7.5 Although a lawyer from the Sydney Regional Aboriginal Corporation Legal Service filed a complaint with the Minister for Juvenile Justice on the author’s behalf, following his release from segregation, no remedial action was taken on that complaint.
7.6 The author further submits that he was never informed about the possibility of complaining to the Inspector-General. Since the Inspector-General had discretion not to pursue complaints for which alternative means of redress existed, he could have dismissed his application on the ground that the author had already complained about his treatment to the Governor.
7.7 Similarly, he had never been advised that he could appeal his segregation to the Serious Offenders Review Council, nor had he signed a form stating that he had been so informed. Such an appeal would not have been an effective remedy, given that he was not a serious offender at the time of his segregation and that the Council had no competence to deal with issues other than segregation, such as, for example, his physical and medical treatment.
7.8 The author argues that, although he was aware that the Governor had authorized his treatment, as evidenced by his Department of Corrective Services file, he took all reasonable steps within the capacity of a 16 year old Aboriginal child with an intellectual disability to seek a change of his treatment, i.e. by complaining to his Aboriginal Deaths in Custody officer and to the Governor of the correctional centre.
7.9 By reference to the expert advice dated 7 May 2002 , the author reiterates that any court action for breach of duty of care would have been futile.
Issues and proceedings before the Committee
Consideration of admissibility
8.1 Before considering any claim contained in a communication, the Human Rights Committee must, in accordance with rule 93 of its rules of procedure, decide whether or not the communication is admissible under the Optional Protocol to the Covenant.
8.2 The Committee considers that the author has failed to substantiate, for purposes of admissibility, that the prison officers’ attempts to secure him in April and May 1999 involved excessive use of force in violation of articles 7 and 10 and that his continuous camera surveillance was incompatible with these provisions.

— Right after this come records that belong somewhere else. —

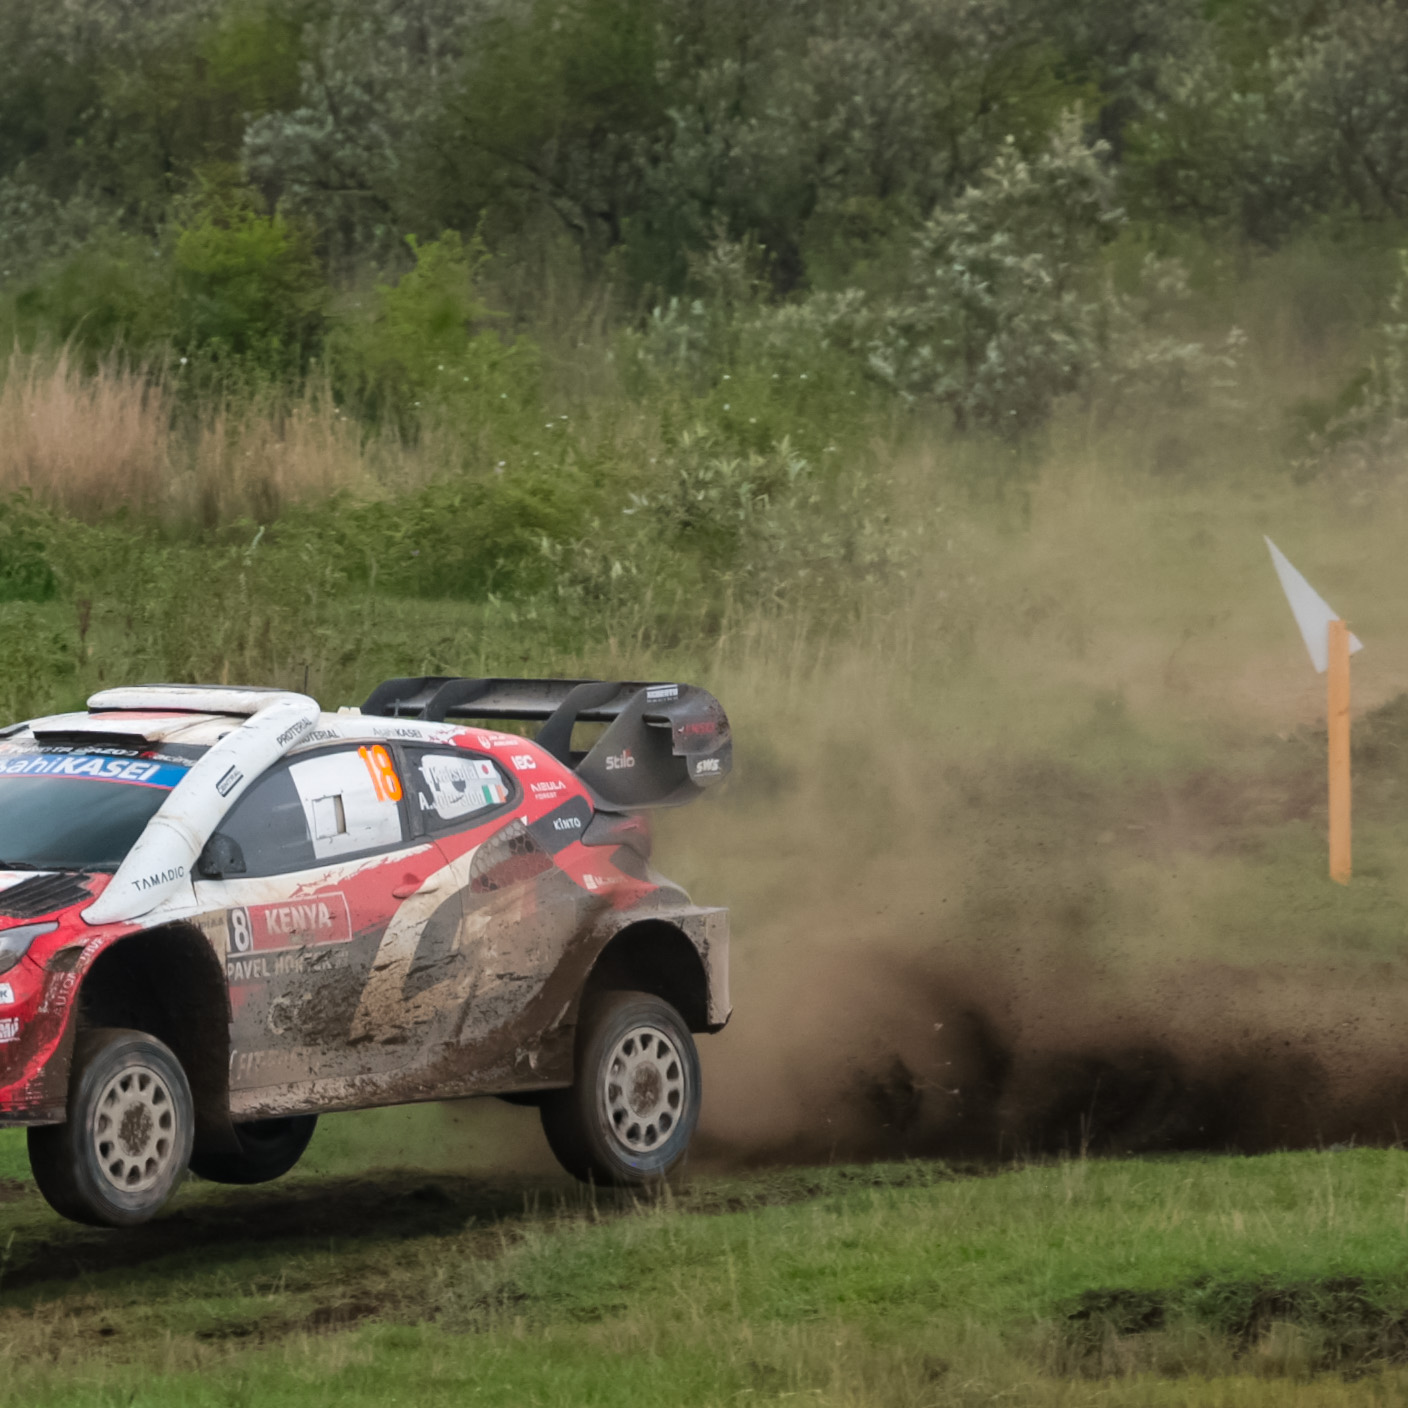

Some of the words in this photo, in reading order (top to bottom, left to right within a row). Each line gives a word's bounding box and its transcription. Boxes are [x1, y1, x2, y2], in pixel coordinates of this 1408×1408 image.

[276, 716, 312, 747] PROTERIAL
[357, 744, 403, 802] 18
[605, 749, 635, 770] Stilo
[131, 865, 185, 891] TAMADIC
[264, 902, 333, 935] KENYA
[227, 958, 271, 981] PAVEL

8.3 With regard to the author’s claim that his transfer to Parklea Correctional Centre on 22 March 1999 violated his rights under article 10, paragraph 3, the Committee notes that the State party has not invoked its reservation, to the effect that the obligation to segregate in article 10, paragraphs 2 (b) and 3, “is accepted only to the extent that such segregation is considered by the responsible authorities to be beneficial to the juveniles or adults concerned.” However, the Committee need not consider whether the State party’s reservation to article 10, paragraph 2 (b) and 3 applies, since the author’s claims under these provisions are inadmissible on other grounds:
8.4 As regards the author’s claims relating to the periods of his solitary confinement, the removal of his clothes and blanket, his continued exposure to artificial light, and the prescription of Largactil, the Committee considers that he has sufficiently substantiated these claims, for purposes of admissibility. In particular, it considers that he has rebutted the State party’s denial that he was placed in solitary confinement in a dry cell for 48 and 72 hours on 1 and 7 April 1999, respectively, by reference to Parklea Prison’s Inmate Discipline Action Forms dated 4 and 11 April 1999, which confirm these alleged periods of solitary confinement.

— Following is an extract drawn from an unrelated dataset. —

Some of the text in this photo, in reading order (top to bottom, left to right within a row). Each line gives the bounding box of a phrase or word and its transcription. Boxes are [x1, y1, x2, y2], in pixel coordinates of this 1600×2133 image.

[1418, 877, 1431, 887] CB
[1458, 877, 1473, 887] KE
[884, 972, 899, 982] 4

(a) As regards his claim that his transfer to Parklea Correctional Centre on 22 March 1999 violated article 10, paragraph 2 (b), the Committee recalls that this provision protects the right of accused juvenile persons to be separated from adults and to be brought as speedily as possible for adjudication. However, the author had the status of a convicted rather than an accused juvenile person at the time of his transfer to Parklea, since he was convicted of burglary, assault and causing bodily harm on 5 March 1999. His claim under article 10, paragraph 2 (b), is therefore inadmissible ratione materiae under article 3 of the Optional Protocol.
(b) As regards the claim under article 10, paragraph 3, the Committee notes that the author was in fact segregated from other inmates upon arrival at Parklea, where he was placed in a safe cell. The author has therefore not substantiated, for purposes of admissibility, how his transfer to Parklea Correctional Centre breached his right to be segregated from adult prisoners, and this part of the communication is therefore inadmissible under article 2 of the Optional Protocol.

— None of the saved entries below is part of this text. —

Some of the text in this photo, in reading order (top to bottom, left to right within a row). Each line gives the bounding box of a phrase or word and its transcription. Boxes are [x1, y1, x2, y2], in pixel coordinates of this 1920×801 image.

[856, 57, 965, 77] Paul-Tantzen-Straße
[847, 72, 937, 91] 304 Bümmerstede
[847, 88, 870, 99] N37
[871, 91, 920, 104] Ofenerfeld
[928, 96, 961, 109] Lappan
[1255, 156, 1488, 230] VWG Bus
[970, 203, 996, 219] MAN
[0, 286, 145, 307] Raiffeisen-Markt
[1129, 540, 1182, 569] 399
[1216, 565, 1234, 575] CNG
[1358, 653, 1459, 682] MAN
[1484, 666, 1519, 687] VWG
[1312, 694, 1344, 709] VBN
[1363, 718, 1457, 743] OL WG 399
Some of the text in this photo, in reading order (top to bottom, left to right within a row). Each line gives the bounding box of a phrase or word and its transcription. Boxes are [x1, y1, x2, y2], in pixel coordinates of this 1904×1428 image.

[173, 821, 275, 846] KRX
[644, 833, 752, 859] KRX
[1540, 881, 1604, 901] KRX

8.5 With regard to exhaustion of domestic remedies, the Committee notes the State party’s argument that the author has not exhausted administrative, judicial or other remedies available to him. It also notes the author’s challenge to the effectiveness of complaints to the prison authorities or to the Ombudsman, as well as his doubts about the availability and the prospect of success of a court action for negligence.
8.6 The Committee recalls that the requirement, in article 5, paragraph 2 (b), of the Optional Protocol, to exhaust “all available domestic remedies” not only refers to judicial but also to administrative remedies, unless the use of such remedies would be manifestly futile or cannot reasonably be expected from the complainant.
8.7 As regards the possibility of complaining to the Ombudsman, the Committee recalls that any finding of this body would only have hortatory rather than binding effect so far as the authorities are concerned. It concludes that such a complaint cannot be considered an effective remedy, (27) which the author was required to exhaust, for purposes of article 5, paragraph 2 (b), of the Optional Protocol.
8.8 As regards the possibility of filing a complaint with the Minister for Corrective Services or with the Serious Offenders Review Council, the Committee notes the author’s uncontested claim that he had not been informed about these or any other administrative remedies and that he was barely able to read or write at the time of his segregation at Parklea.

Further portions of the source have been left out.